Поначалу Дюверье даже не понял. Он жестоко скучал в этой спальне, потому что всю ночь возвращался мыслями к Клариссе. Решительно, самым разумным было помириться с женой; но та, другая, была большая забавница, до чего смешно она каким-то мальчишеским движением скидывала рубашку через голову… И, вперив в умирающего невидящие глаза, перед которыми словно бы вновь проходила та прелестная картинка, он думал, что отдал бы все, чтобы еще хоть раз обладать Клариссой. Теофилю пришлось повторить свой вопрос.
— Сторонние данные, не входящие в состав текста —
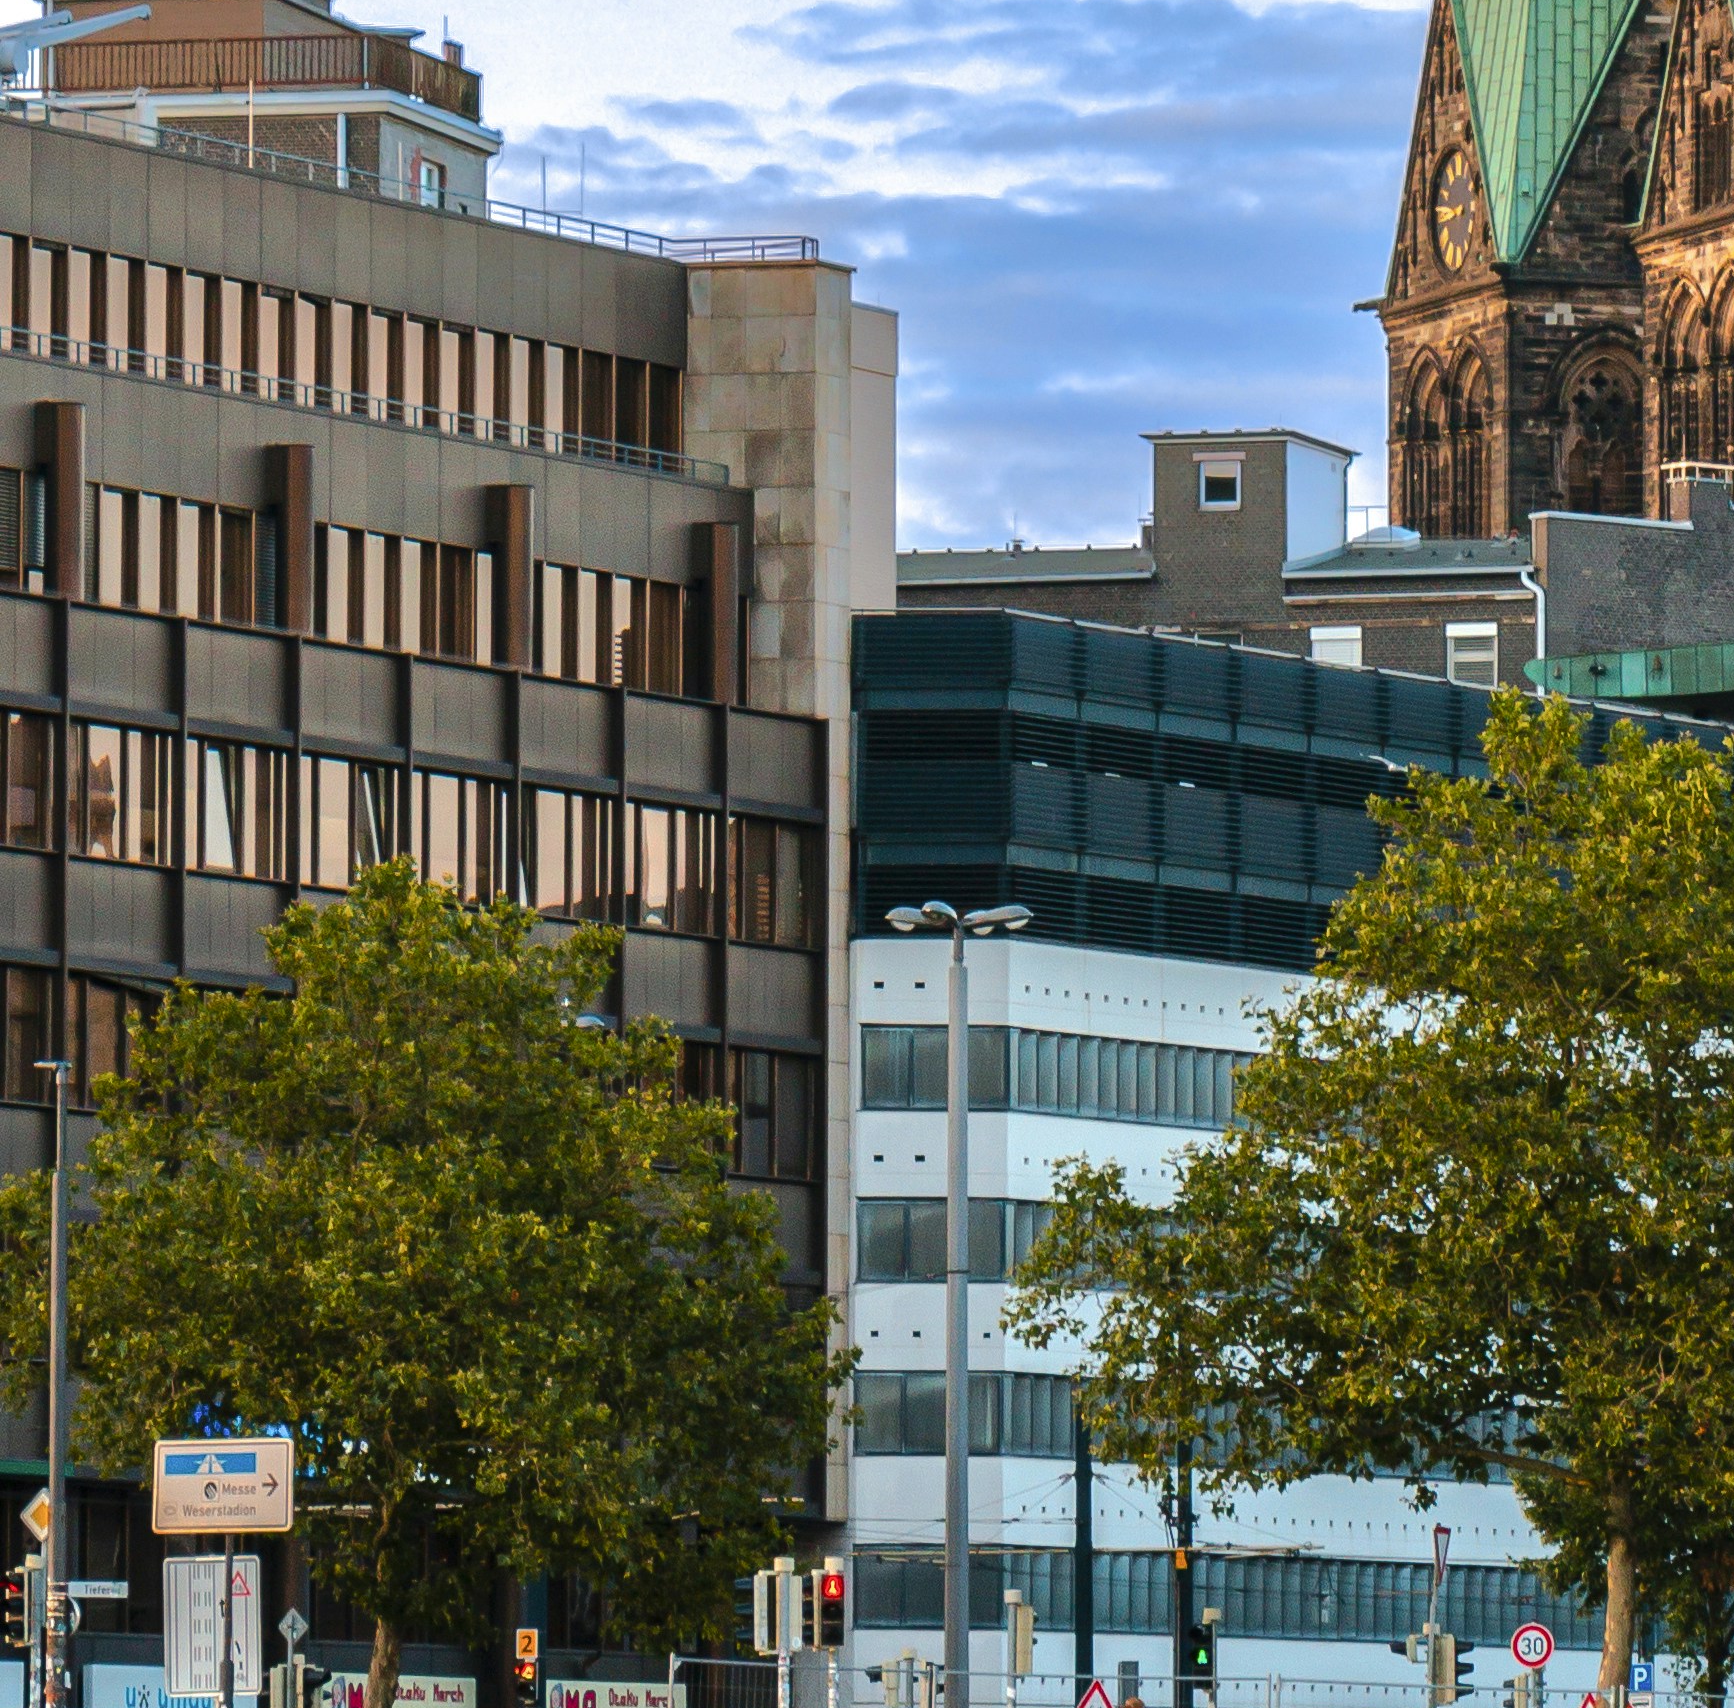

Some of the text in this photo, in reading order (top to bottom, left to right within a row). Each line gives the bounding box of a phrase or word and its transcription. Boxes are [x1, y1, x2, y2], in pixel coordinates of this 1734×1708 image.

[222, 1483, 257, 1495] Messe
[182, 1504, 257, 1517] Weserstadion
[521, 1635, 533, 1653] 2
[1521, 1637, 1544, 1656] 30
[1634, 1668, 1647, 1691] P
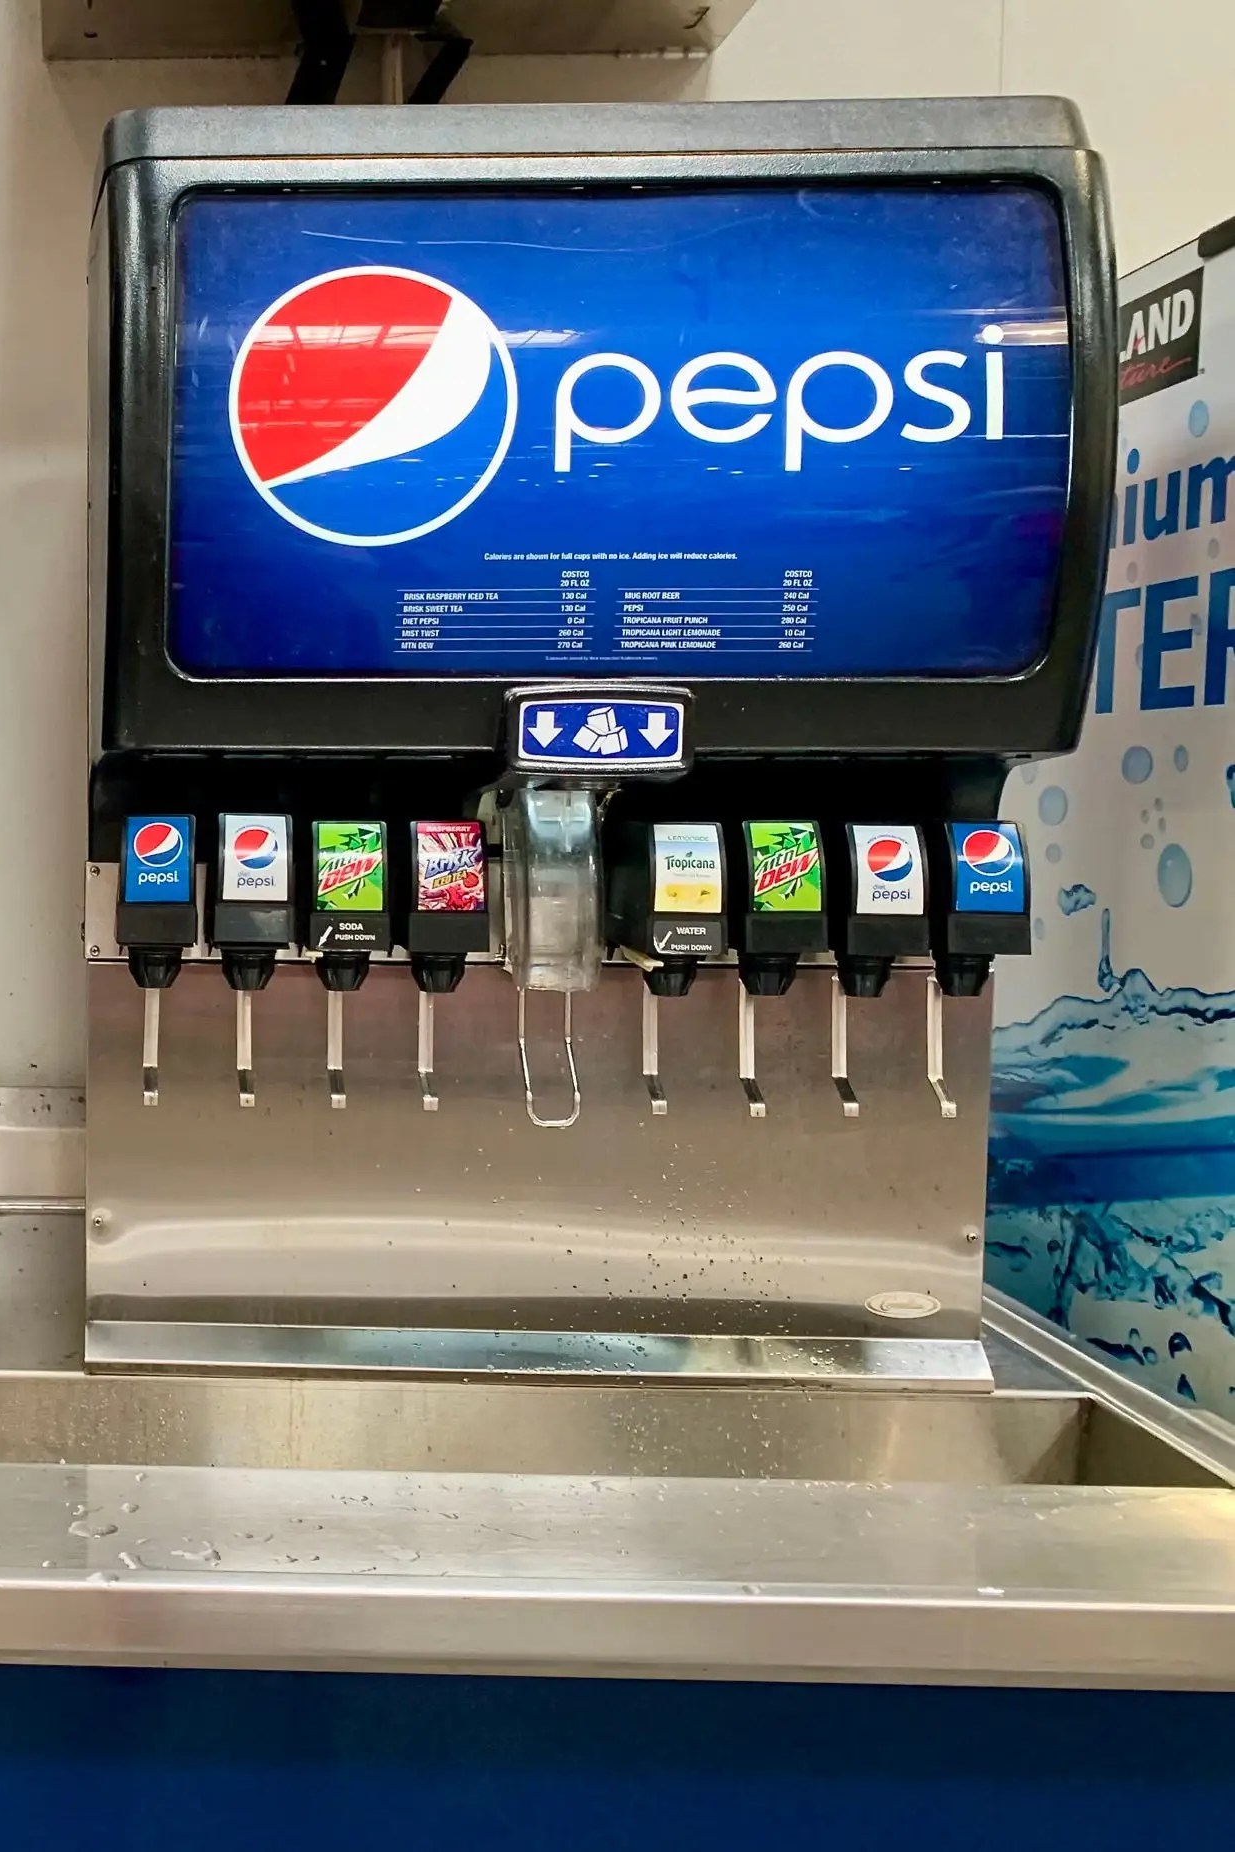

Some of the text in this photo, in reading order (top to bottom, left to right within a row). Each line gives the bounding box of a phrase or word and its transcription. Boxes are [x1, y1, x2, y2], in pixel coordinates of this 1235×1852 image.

[1120, 288, 1194, 363] AND
[554, 324, 1003, 472] pepsi
[484, 553, 512, 561] Calories
[561, 552, 572, 560] full
[592, 552, 607, 560] with
[632, 552, 656, 561] Adding
[669, 552, 682, 560] will
[684, 552, 707, 560] reduce
[709, 552, 737, 560] calories.
[623, 604, 643, 612] PEPSI
[783, 604, 808, 612] 250 Cal
[559, 629, 584, 637] 260 Cal
[558, 641, 583, 649] 270 Cal
[779, 641, 804, 649] 260 Cal
[665, 855, 715, 870] Tropicana
[138, 871, 179, 885] pepsi
[237, 876, 274, 888] pepsi
[970, 881, 1013, 894] pepsi
[872, 889, 911, 901] pepsi
[676, 927, 706, 935] WATER
На сей раз советник растерянно ответил:
– Я осведомился у господина Ренодена. Завещания нет.
– А здесь?
– Ни здесь, ни у нотариуса.
Теофиль перевел взгляд на Огюста: этого стоило ожидать. Эти Дюверье все обшарили. Клотильда перехватила его взгляд и рассердилась на мужа. Что с ним? Неужто горе притупило его бдительность? И добавила:
– Разумеется, папа сделал то, что должен был сделать… К сожалению, мы слишком скоро об этом узнаем…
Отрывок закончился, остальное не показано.